Posted by alphaatlas 12:11 PM (CDT)

Wednesday October 10, 2018

At VLSI 2018, IBM showed off an interesting machine learning architecture. Instead of squeezing a ton of throughput through huge cores, as AMD, Nvidia, and Google do with their AI products, IBM tiled tiny cores in a giant 16x32 2D array. David Kanter says that each "PE is a tiny core; including an instruction buffer, fetch/decode stage, 16-entry register file, a 16-bit floating-point execution units, and binary and ternary ALUs, and fabric links to and from the neighboring PEs." There are also SFUs designed to handle 32 bit floating point data, and separate X and Y caches with 192GB/s of bandwidth each.
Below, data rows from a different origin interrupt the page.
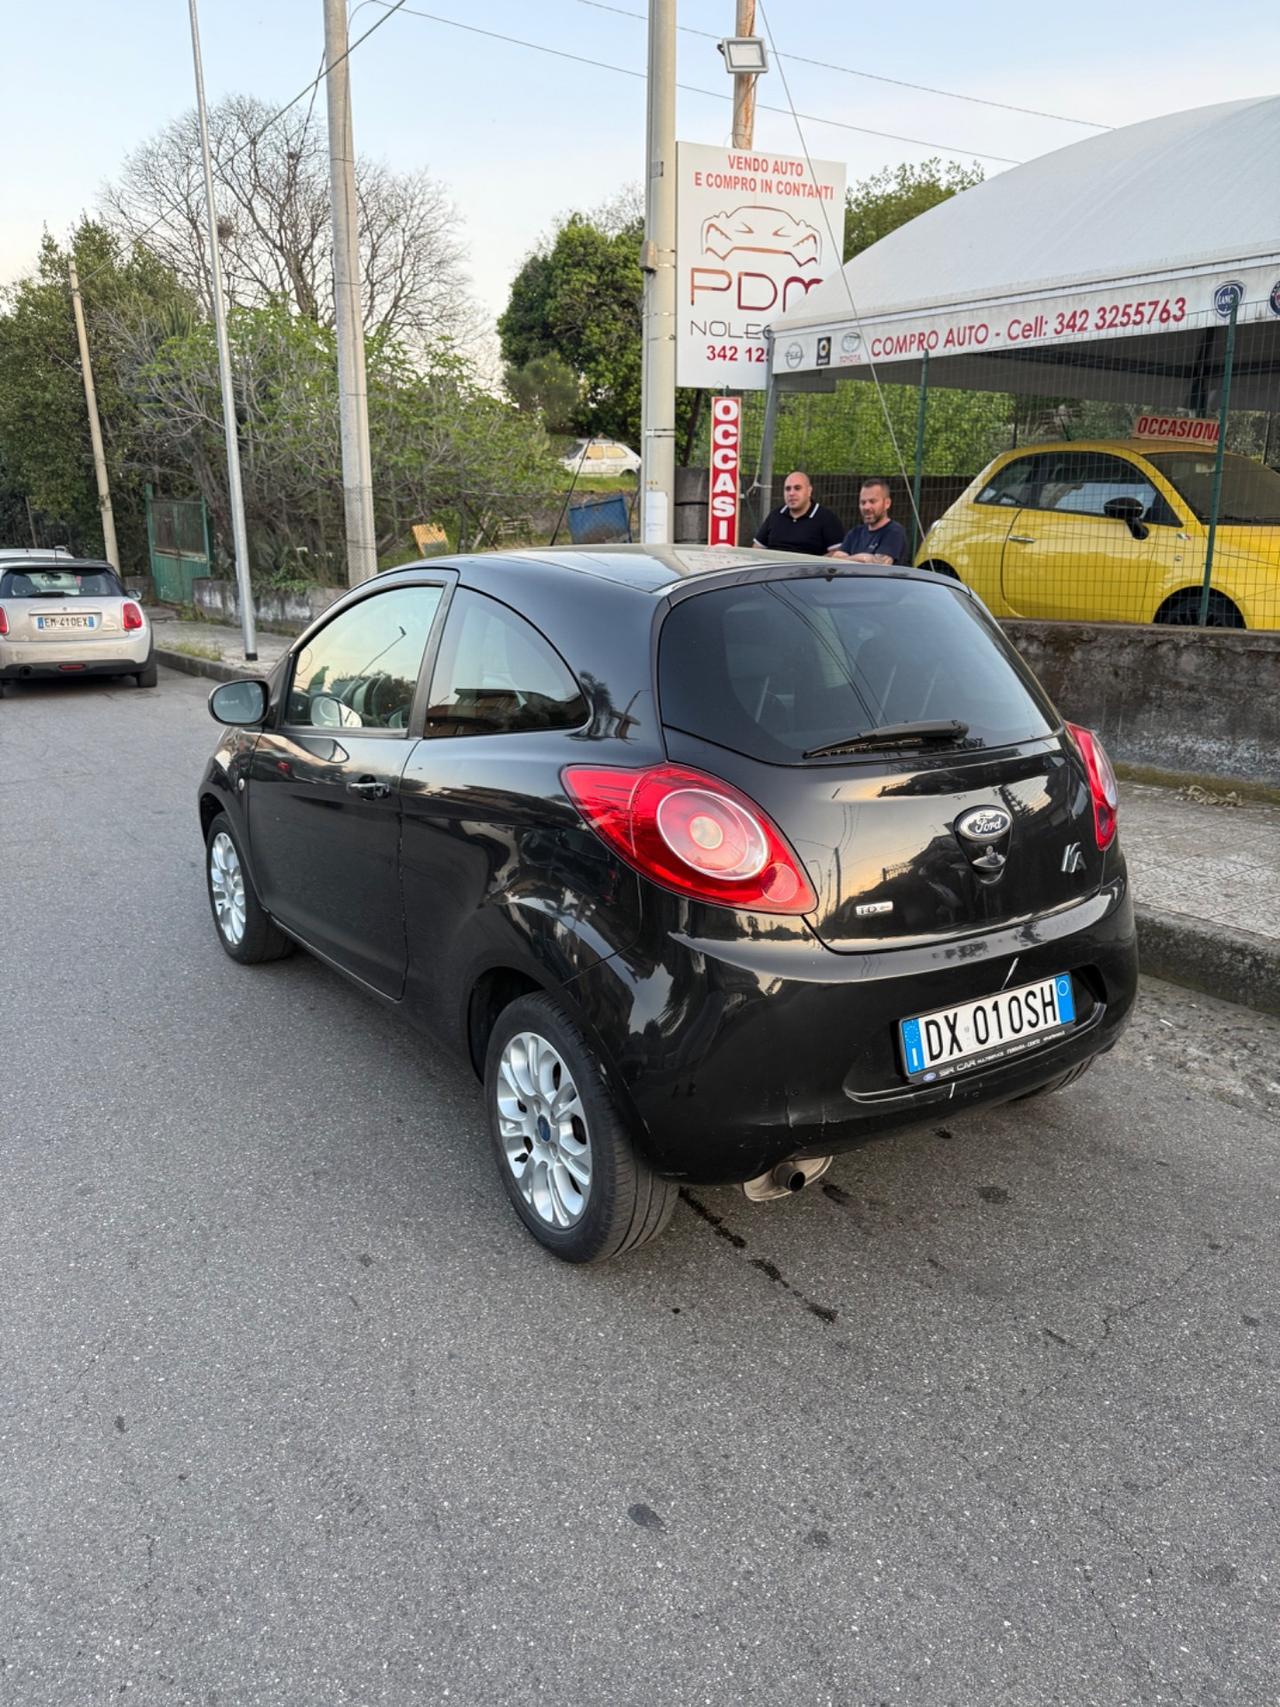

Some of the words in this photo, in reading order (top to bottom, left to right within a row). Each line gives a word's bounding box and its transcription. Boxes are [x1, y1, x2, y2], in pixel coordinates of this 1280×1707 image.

[728, 154, 769, 173] VENDO
[772, 161, 804, 177] AUTO
[695, 172, 702, 187] E
[706, 173, 757, 192] COMPRO
[760, 179, 773, 194] IN
[776, 181, 834, 200] CONTANTI
[871, 330, 940, 357] COMPRO
[943, 324, 989, 349] AUTO
[1007, 316, 1049, 341] Cell:
[1053, 309, 1089, 335] 342
[1094, 297, 1187, 330] 3255763
[706, 345, 738, 361] 342
[745, 347, 769, 363] 12
[712, 400, 738, 548] OCCASI
[974, 816, 1003, 833] Ford
[925, 1010, 964, 1062] DX
[973, 982, 1059, 1044] 010SH
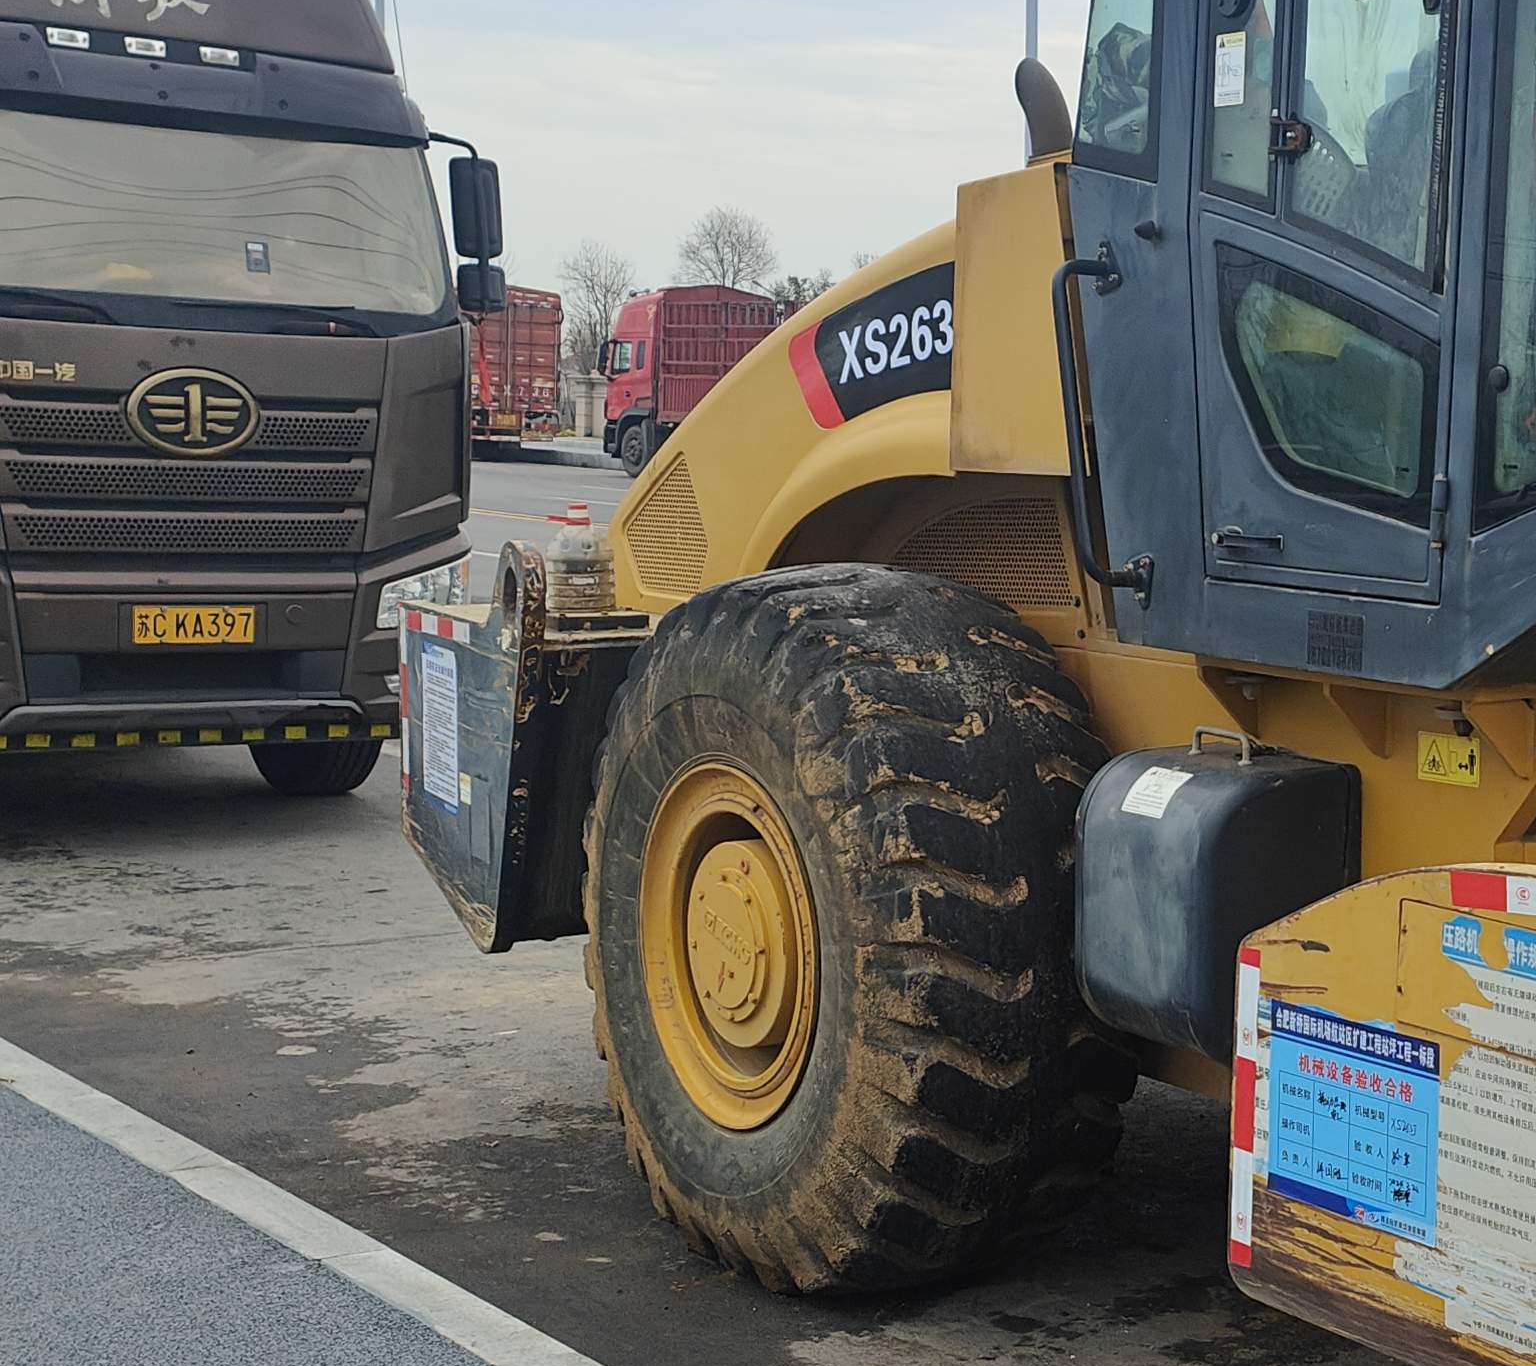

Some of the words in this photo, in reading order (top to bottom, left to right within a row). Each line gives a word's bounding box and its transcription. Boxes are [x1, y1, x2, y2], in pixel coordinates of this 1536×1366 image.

[839, 299, 954, 384] XS263
[1298, 1053, 1413, 1103] 机械设备验收合格
Much like Intel's Skylake Xeons, the cores are connected to each other with a mesh fabric. A test accelerator IBM made reportedly offered 1.5 Tflops of machine learning training throughput on a 9mm^2 chip made on a 14nm process, and achieved 95% utilization when training on a batch of images.

As a research project, the absolute performance is not terribly important. However, the key architectural choices are quite interesting. IBM's processor uses a large array of very small processor cores with very little SIMD. This architectural choice enables better performance for sparse dataflow (e.g., sparse activations in a neural network). In contrast, Google, Intel, and Nvidia all rely on a small number of large cores with lots of dense data parallelism to achieve good performance. Related, IBM's PEs are arranged in a 2D array with a mesh network, a natural organization for planar silicon and a workload with a reasonable degree of locality. While Intel processors also use a mesh fabric for inter-core communication, GPUs have a rather different architecture that looks more similar to a crossbar. The IBM PEs are optimized for common operations (e.g., multiply-accumulate) and sufficiently programmable to support different dataflows and reuse patterns. Less common operations are performed outside of the core in the special function units. As with many machine learning processors, a variety of reduced precision data formats are used to improve throughput. Last, the processor relies on software-managed data (and instruction) movement in explicitly addressed SRAMs, rather than hardware-managed caches. This approach is similar to the Cell processor and offers superior flexibility and power-efficiency (compared to caches) at the cost of significant programmer and tool chain complexity. While not every machine learning processor will share all these attributes, it certainly illustrates a different approach from any of the incumbents - and more consistent with the architectures chosen by start-ups such as Graphcore or Wave that solely focus on machine learning and neural networks.